→ What you should do
Transcribe the following entries letter for letter, without the pictures.
========================================================================
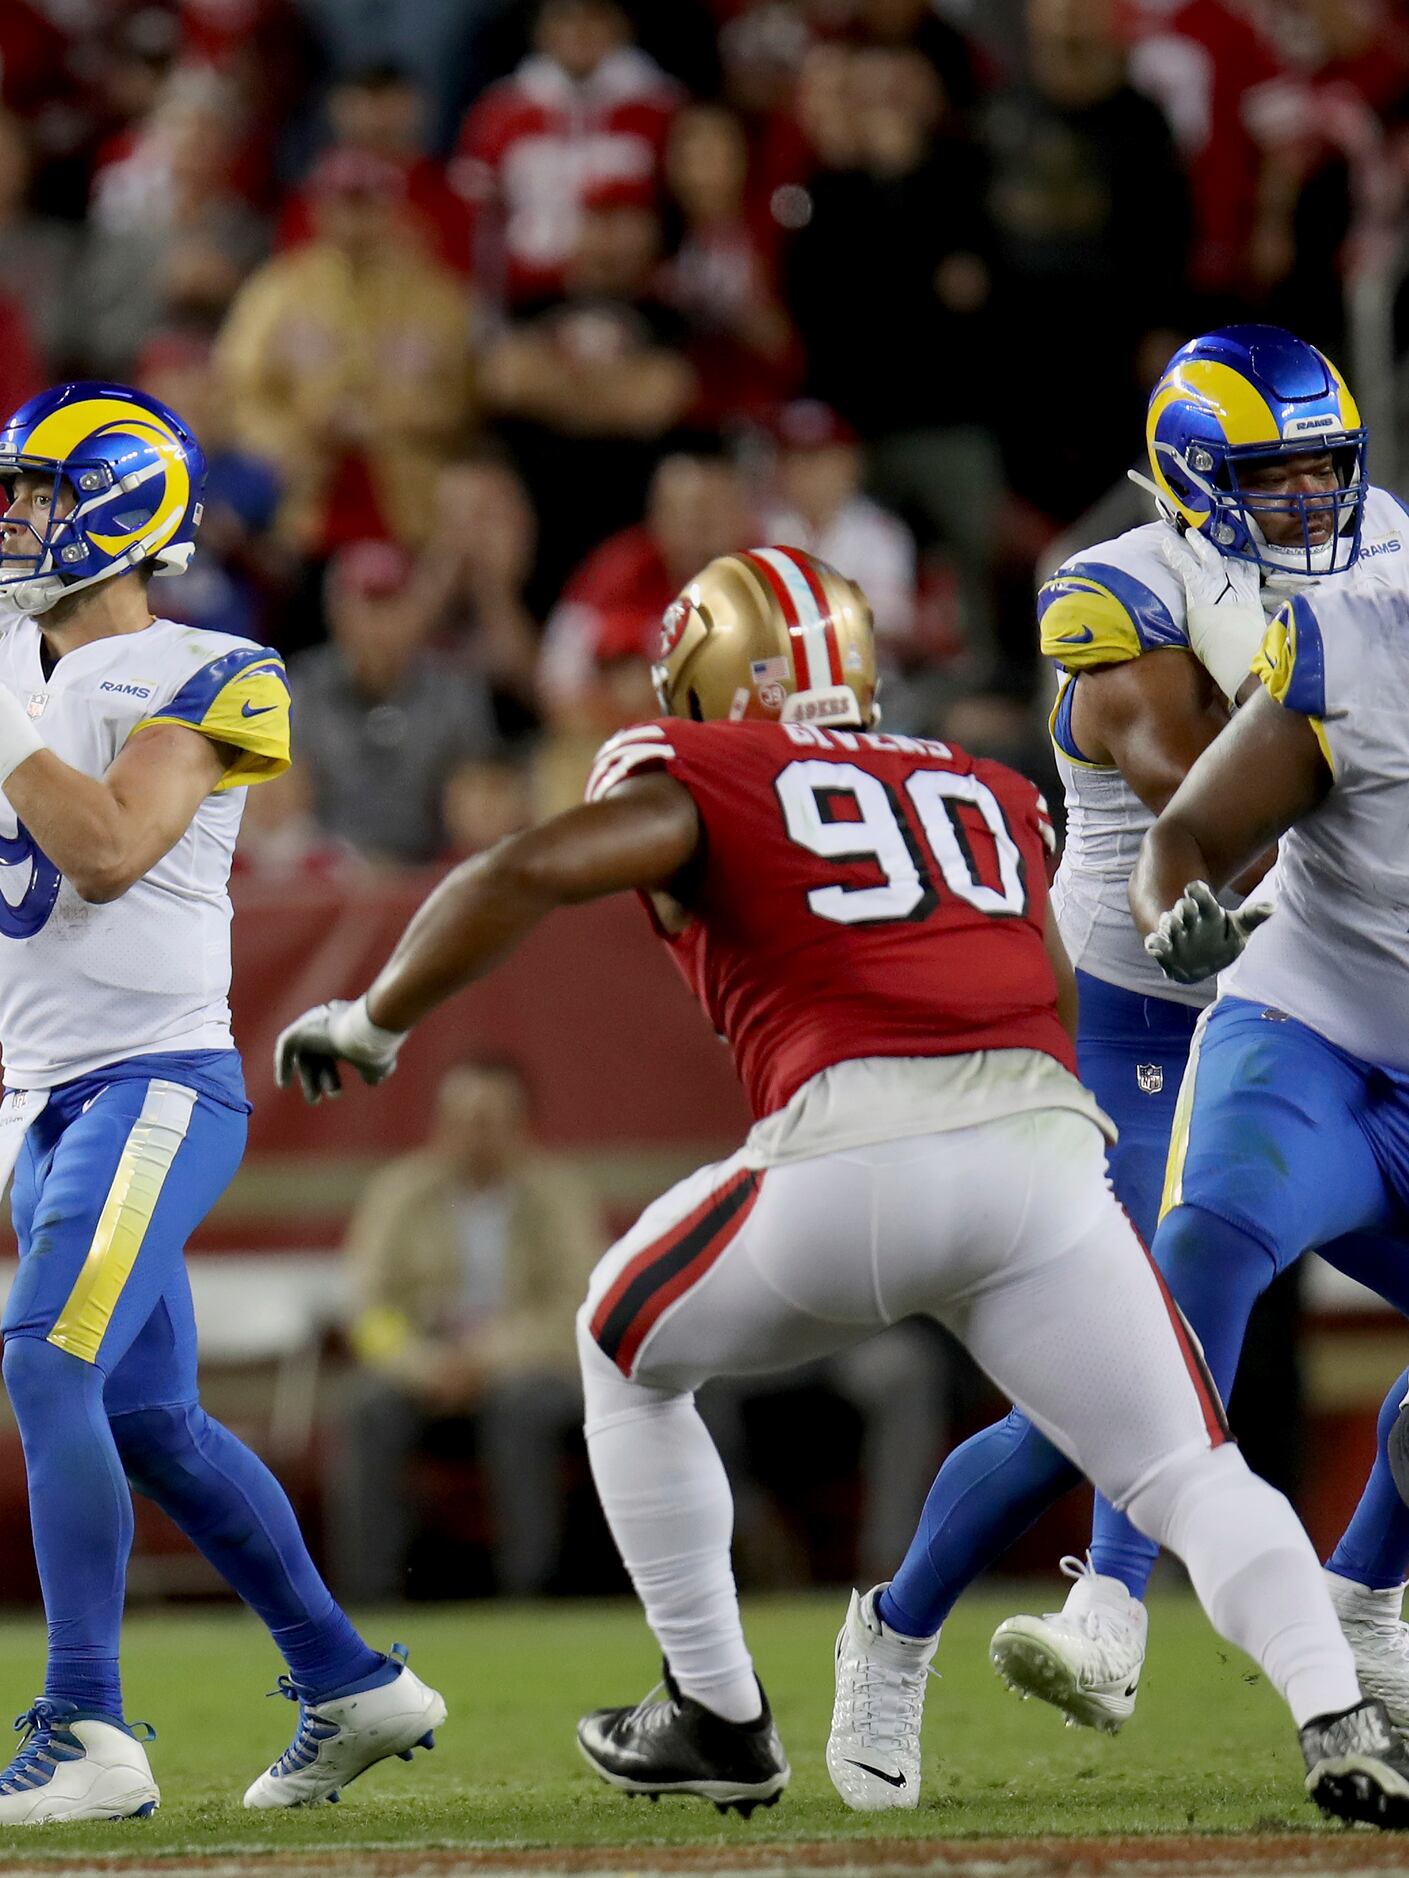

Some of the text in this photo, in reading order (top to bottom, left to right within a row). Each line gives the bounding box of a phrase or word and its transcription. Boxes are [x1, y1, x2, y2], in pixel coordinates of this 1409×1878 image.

[1296, 418, 1333, 430] RAMS
[1360, 539, 1401, 560] RAMS
[100, 681, 151, 699] RAMS
[794, 699, 849, 720] 49ERS
[774, 759, 1030, 926] 90
[1141, 1075, 1160, 1089] NFL
========================================================================
→ Answer area
Some of the text in this photo, in reading order (top to bottom, left to right within a row). Each line gives the bounding box of a phrase or word and its transcription. Boxes are [x1, y1, x2, y2], in pixel coordinates of this 1409×1878 image.

[1296, 418, 1333, 430] RAMS
[1360, 539, 1401, 560] RAMS
[100, 681, 151, 699] RAMS
[794, 699, 849, 720] 49ERS
[774, 759, 1030, 926] 90
[1141, 1075, 1160, 1089] NFL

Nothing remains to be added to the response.